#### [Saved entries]
- - -

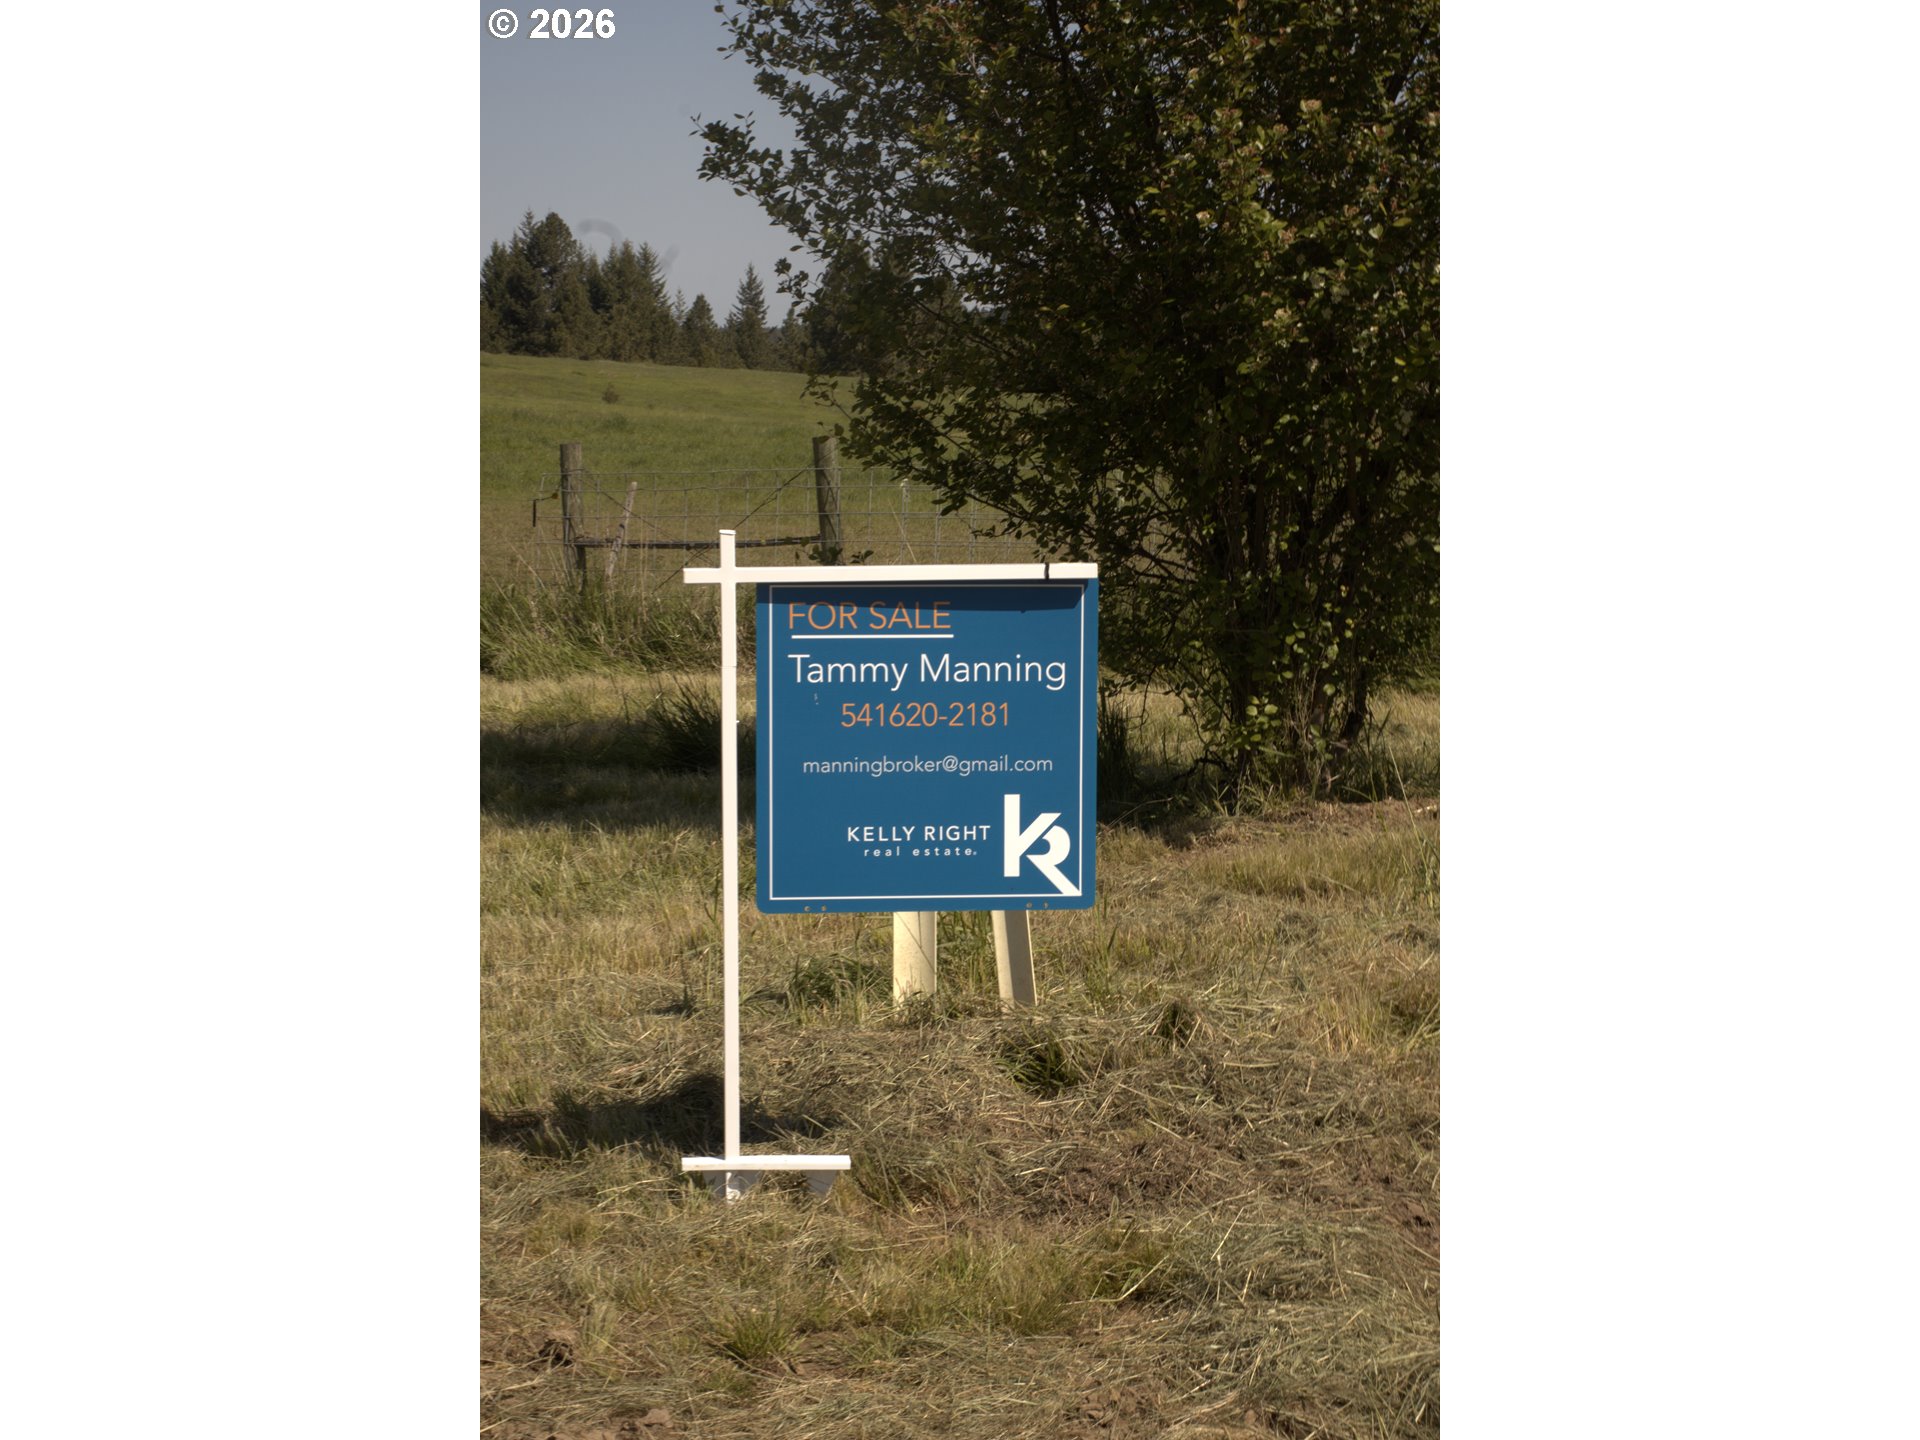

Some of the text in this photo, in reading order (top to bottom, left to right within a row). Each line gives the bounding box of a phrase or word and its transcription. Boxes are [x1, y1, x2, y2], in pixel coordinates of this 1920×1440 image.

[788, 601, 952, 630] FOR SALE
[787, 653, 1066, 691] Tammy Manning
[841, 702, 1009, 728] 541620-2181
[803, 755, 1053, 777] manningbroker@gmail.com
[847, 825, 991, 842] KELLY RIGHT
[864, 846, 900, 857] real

- - -

#### [What to produce]
Copy the records above exactly, leaving out every picture.

#### [Response for this exercise]
Some of the text in this photo, in reading order (top to bottom, left to right within a row). Each line gives the bounding box of a phrase or word and its transcription. Boxes are [x1, y1, x2, y2], in pixel coordinates of this 1920×1440 image.

[788, 601, 952, 630] FOR SALE
[787, 653, 1066, 691] Tammy Manning
[841, 702, 1009, 728] 541620-2181
[803, 755, 1053, 777] manningbroker@gmail.com
[847, 825, 991, 842] KELLY RIGHT
[864, 846, 900, 857] real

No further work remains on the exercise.